Vanadium 50 said:
I'm told that it is totally impossible for that to be the case today. Of course, U was also told the exact same thing back then.
The statistical errors in the data, and the identified systemic measurement errors, are probably too small, even if slightly understated, to resolve the problem.
The late time Hubble constant estimates have moderately large errors amenable to slight adjustment, but the Planck CMB based calculation has such a large data set and involves such precise observations, that at least within the model within which the calculation is done, the errors are tiny. And, the tension is too big to resolve with errors in the late time Hubble constant measurements alone. It also makes sense to doubt that the late time measurements are really the problem, because, while they have larger error bars, these measurements are also robust, with many different methods of measuring the Hubble constant in the late time era largely confirming each other.

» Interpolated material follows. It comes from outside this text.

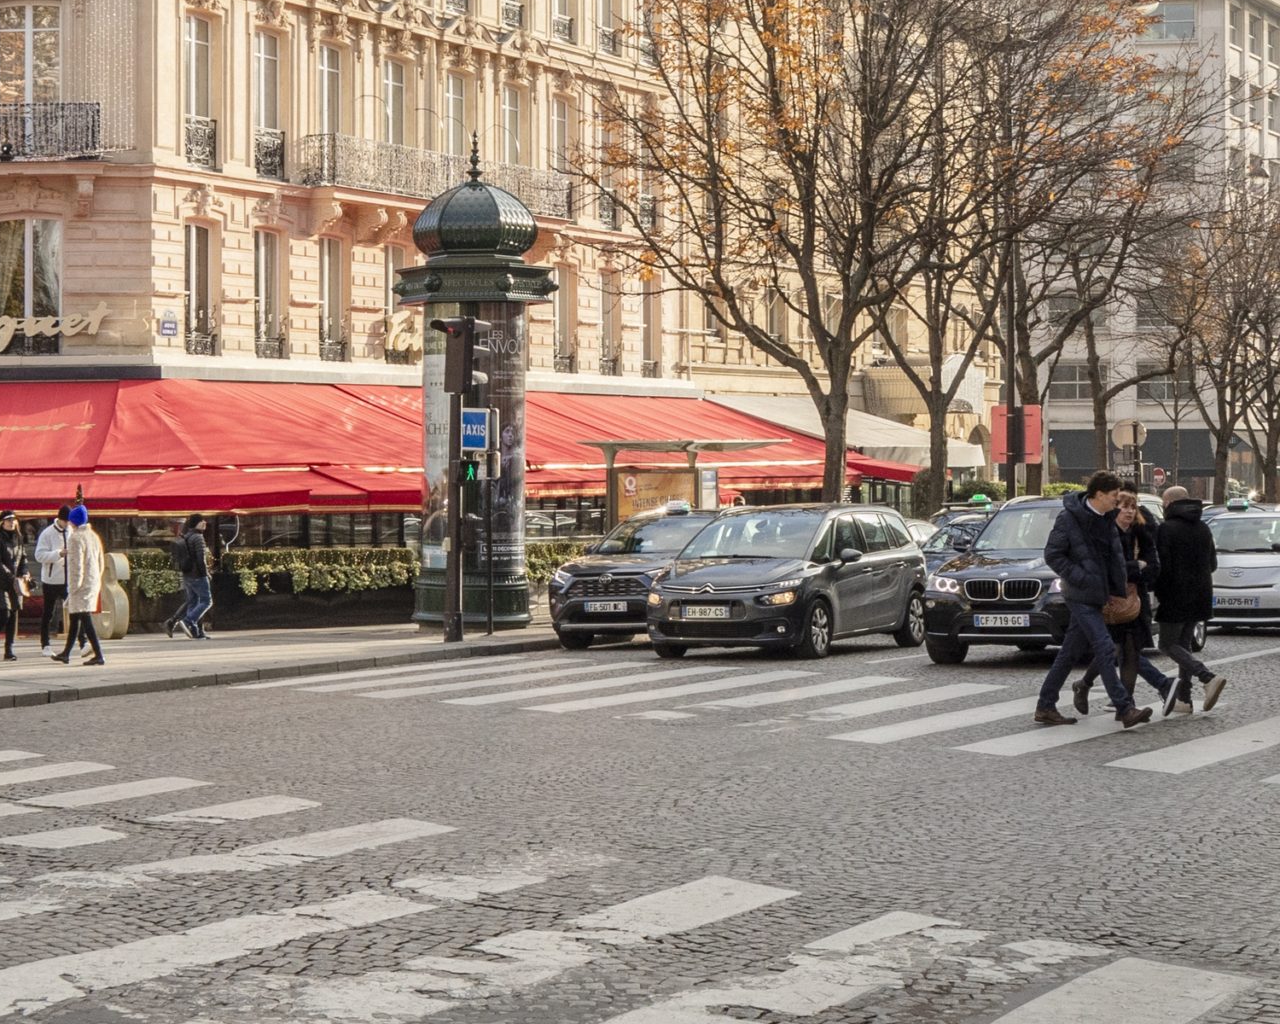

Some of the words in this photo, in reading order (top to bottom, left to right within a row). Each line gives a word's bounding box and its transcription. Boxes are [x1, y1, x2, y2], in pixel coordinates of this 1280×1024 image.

Many preprints by independent authors so far this year have all reached that conclusion.
See, e.g.,
Kumar (2024),
Gialamas (2024),
Colgáin (2024),
Roy (2024),
Pogosian (2024),
He (2024),
Calderon (2024),
Signorini (2024), and
Akarsu (2024). Valentino and Blunt have even written
a whole book on the Hubble tension, largely concurring with this conclusion.
Stacy McGaugh
speculates that the problem may be "a
systematic in the interpretation of the CMB data rather than in the local distance scale."
In other words, the tension might be a modeling error in the CMB based calculation of the Hubble constant, since that is a model dependent calculation and there are other cracks in the LambdaCDM model of cosmology that was used to make that calculation (such as the appearance of galaxies observed by the JWST sooner than the model).
See also Liu (2024) making a similar analysis. (Note that in the sense being discussed, the argument being made is not that "modeling error" means that the LambdaCDM model was inaccurately translated into math and data analysis by Planck's scientists; instead, the concern is that the LambdaCDM model is not the correct cosmology model to use because it misstates the astrophysical reality.)
This makes sense, because inaccuracies in the model used to make the calculation won't show up in the Planck measurement error bars, and because this is pretty much a singular measurement approach in tension with the diverse measurement approaches used in the late time era. If a different model produced a higher value of the Hubble constant from the CMB, the tension would go away and it might fix other tensions in the cosmology fits too. And, this is far from the only tension that LambdaCDM has with observational evidence, so something about that model needs to be fixed in any case.
LambdaCDM may be a good first order approximation of our universe's cosmology with a small number of parameters. But as our data gets better on multiple fronts, it may not be good enough to fit all the data.
Gialamas (2024) on the other hand, argues basically that the late time measurement may be a local effect. This paper argues that the part of the galaxy where we are measuring the late time Hubble constant may just be randomly non-representative of the late time universe as a whole. In other words, everyone is accurately measuring what they see, but they are failing to take into account a basically random sampling error which causes our little corner of the universe to be weird. This random sampling error may be much bigger than one might naively expect, because these random variations are correlated with each other due to their common cosmological origins in the early universe.
Resolving the source of the still unresolved tension isn't easy, and there are a variety of proposals out there to gather new kinds of data to figure out why there is a tension.